▸ Task item
Set down exactly the lines that run from the line with "this 1280×1278 image." to the end of the data, and nothing else.

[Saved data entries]

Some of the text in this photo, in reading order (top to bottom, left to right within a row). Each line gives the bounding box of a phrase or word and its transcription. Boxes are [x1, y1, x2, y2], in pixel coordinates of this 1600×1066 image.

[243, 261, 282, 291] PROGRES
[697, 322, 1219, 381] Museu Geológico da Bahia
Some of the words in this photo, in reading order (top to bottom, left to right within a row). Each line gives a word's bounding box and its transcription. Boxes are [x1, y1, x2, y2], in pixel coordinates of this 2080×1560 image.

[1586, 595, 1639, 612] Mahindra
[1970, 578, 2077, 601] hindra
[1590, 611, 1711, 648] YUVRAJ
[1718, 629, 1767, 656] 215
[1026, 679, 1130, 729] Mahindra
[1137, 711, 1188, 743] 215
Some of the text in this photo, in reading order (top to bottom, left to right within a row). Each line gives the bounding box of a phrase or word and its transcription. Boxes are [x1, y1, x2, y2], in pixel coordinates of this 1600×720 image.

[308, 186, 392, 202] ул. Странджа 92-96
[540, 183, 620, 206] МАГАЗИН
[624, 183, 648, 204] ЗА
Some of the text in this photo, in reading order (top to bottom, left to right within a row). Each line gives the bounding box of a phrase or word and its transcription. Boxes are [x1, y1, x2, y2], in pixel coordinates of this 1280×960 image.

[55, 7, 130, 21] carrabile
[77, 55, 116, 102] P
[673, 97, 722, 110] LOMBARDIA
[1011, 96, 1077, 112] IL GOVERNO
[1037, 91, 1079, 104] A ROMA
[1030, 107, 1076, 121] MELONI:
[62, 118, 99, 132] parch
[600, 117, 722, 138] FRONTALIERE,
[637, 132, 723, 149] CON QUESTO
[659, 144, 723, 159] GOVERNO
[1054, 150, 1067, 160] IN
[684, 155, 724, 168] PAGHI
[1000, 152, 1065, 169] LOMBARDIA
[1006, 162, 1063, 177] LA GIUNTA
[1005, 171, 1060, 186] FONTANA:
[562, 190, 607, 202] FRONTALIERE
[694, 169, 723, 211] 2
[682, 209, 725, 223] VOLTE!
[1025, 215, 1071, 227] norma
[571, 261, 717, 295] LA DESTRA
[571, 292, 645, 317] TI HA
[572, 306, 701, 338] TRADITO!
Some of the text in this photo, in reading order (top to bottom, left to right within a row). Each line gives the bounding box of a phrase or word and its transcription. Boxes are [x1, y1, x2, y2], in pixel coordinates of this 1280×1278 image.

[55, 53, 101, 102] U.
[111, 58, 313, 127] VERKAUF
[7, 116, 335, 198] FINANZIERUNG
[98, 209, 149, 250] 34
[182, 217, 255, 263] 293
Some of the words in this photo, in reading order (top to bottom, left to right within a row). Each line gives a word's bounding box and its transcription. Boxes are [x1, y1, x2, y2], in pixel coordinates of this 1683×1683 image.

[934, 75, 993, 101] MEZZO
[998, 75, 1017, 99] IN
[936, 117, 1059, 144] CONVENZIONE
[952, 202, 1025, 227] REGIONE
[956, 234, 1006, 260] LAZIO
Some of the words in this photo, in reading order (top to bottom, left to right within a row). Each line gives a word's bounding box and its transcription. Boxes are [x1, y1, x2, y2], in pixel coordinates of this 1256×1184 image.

▸ Exercise response
Some of the text in this photo, in reading order (top to bottom, left to right within a row). Each line gives the bounding box of a phrase or word and its transcription. Boxes are [x1, y1, x2, y2], in pixel coordinates of this 1280×1278 image.

[55, 53, 101, 102] U.
[111, 58, 313, 127] VERKAUF
[7, 116, 335, 198] FINANZIERUNG
[98, 209, 149, 250] 34
[182, 217, 255, 263] 293
Some of the words in this photo, in reading order (top to bottom, left to right within a row). Each line gives a word's bounding box and its transcription. Boxes are [x1, y1, x2, y2], in pixel coordinates of this 1683×1683 image.

[934, 75, 993, 101] MEZZO
[998, 75, 1017, 99] IN
[936, 117, 1059, 144] CONVENZIONE
[952, 202, 1025, 227] REGIONE
[956, 234, 1006, 260] LAZIO
Some of the words in this photo, in reading order (top to bottom, left to right within a row). Each line gives a word's bounding box and its transcription. Boxes are [x1, y1, x2, y2], in pixel coordinates of this 1256×1184 image.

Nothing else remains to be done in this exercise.